What is being asked - Your task is to repeat all of the data exactly while excluding the pictures.

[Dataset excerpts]
⟨

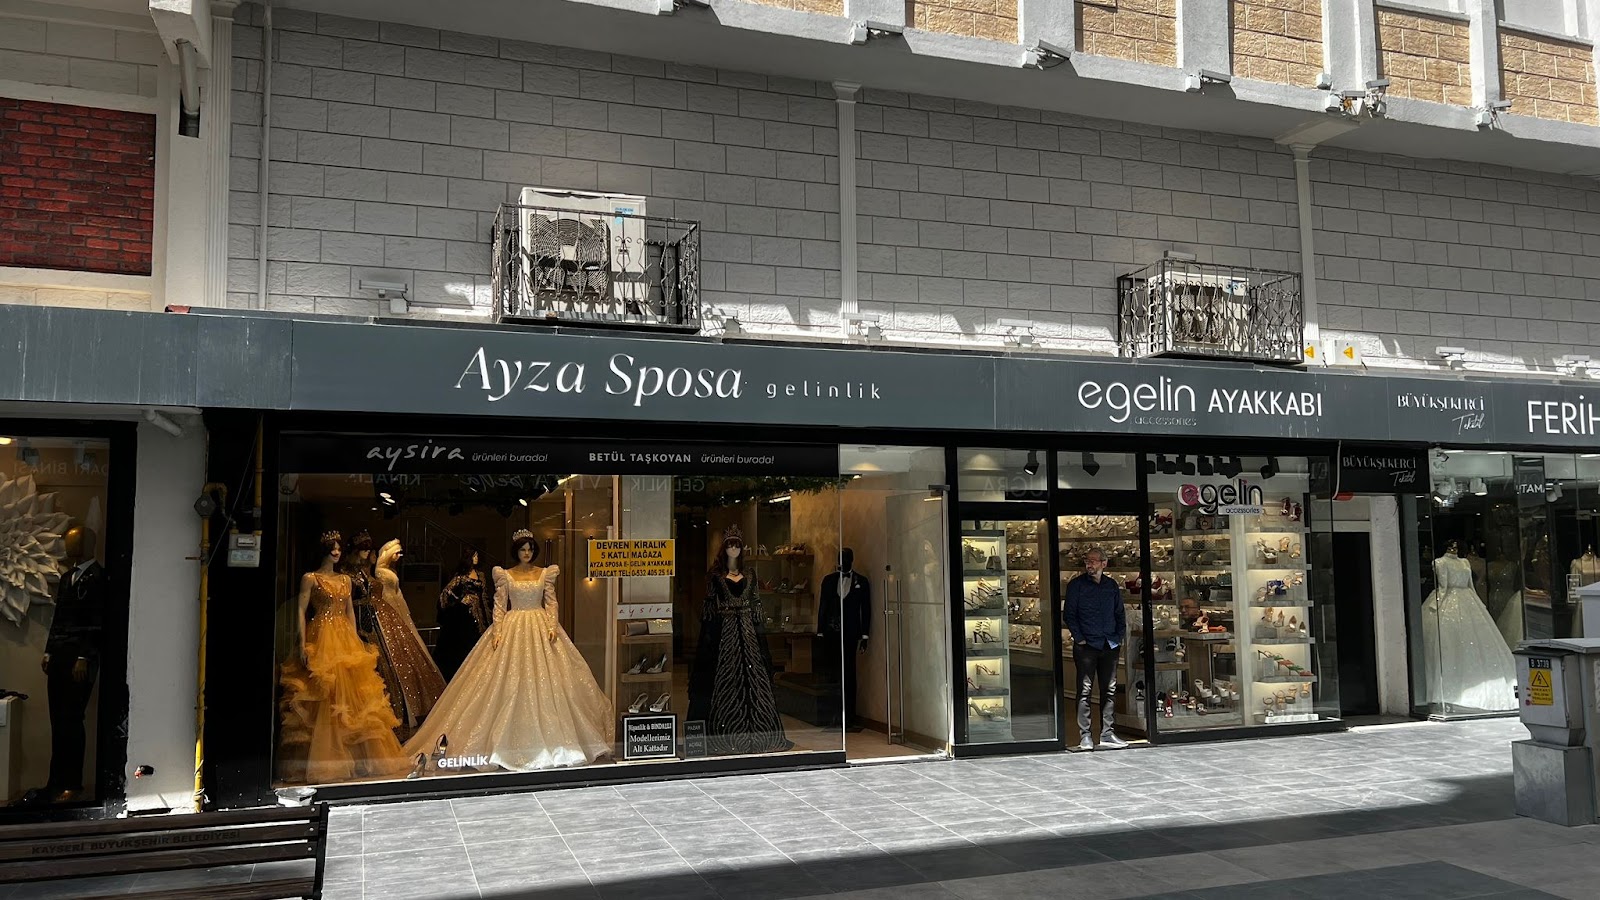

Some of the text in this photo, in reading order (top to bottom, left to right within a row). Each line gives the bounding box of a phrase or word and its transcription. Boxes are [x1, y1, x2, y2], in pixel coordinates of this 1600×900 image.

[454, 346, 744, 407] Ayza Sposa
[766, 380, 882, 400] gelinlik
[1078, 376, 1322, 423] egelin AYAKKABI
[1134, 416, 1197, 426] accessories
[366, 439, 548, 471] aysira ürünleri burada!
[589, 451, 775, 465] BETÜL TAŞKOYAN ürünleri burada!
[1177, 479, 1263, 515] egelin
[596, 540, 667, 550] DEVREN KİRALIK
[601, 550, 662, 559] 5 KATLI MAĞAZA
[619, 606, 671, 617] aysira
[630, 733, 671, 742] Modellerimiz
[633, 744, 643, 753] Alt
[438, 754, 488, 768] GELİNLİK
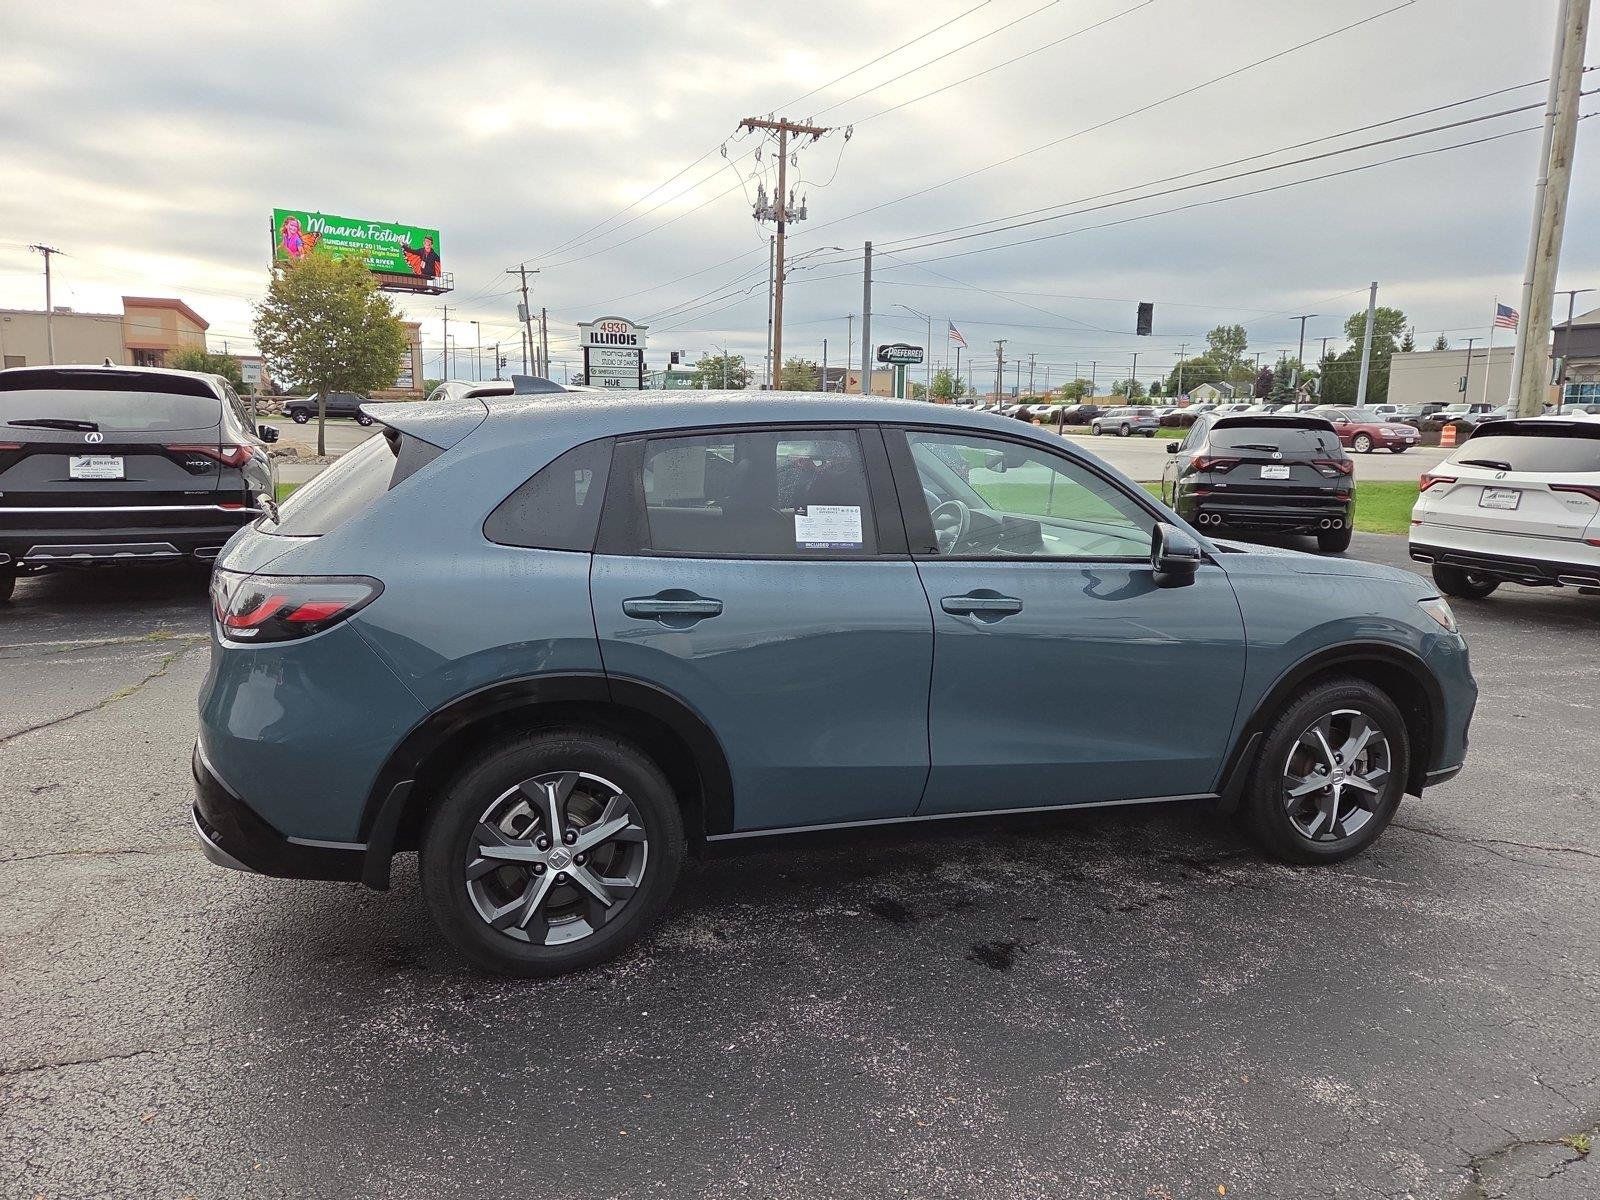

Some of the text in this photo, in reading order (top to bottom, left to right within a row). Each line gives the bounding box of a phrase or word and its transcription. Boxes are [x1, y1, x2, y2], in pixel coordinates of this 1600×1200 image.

⟩

Answer box -
Some of the text in this photo, in reading order (top to bottom, left to right within a row). Each line gives the bounding box of a phrase or word and its transcription. Boxes are [x1, y1, x2, y2], in pixel coordinates of this 1600×900 image.

[454, 346, 744, 407] Ayza Sposa
[766, 380, 882, 400] gelinlik
[1078, 376, 1322, 423] egelin AYAKKABI
[1134, 416, 1197, 426] accessories
[366, 439, 548, 471] aysira ürünleri burada!
[589, 451, 775, 465] BETÜL TAŞKOYAN ürünleri burada!
[1177, 479, 1263, 515] egelin
[596, 540, 667, 550] DEVREN KİRALIK
[601, 550, 662, 559] 5 KATLI MAĞAZA
[619, 606, 671, 617] aysira
[630, 733, 671, 742] Modellerimiz
[633, 744, 643, 753] Alt
[438, 754, 488, 768] GELİNLİK

Some of the text in this photo, in reading order (top to bottom, left to right within a row). Each line gives the bounding box of a phrase or word and its transcription. Boxes are [x1, y1, x2, y2], in pixel coordinates of this 1600×1200 image.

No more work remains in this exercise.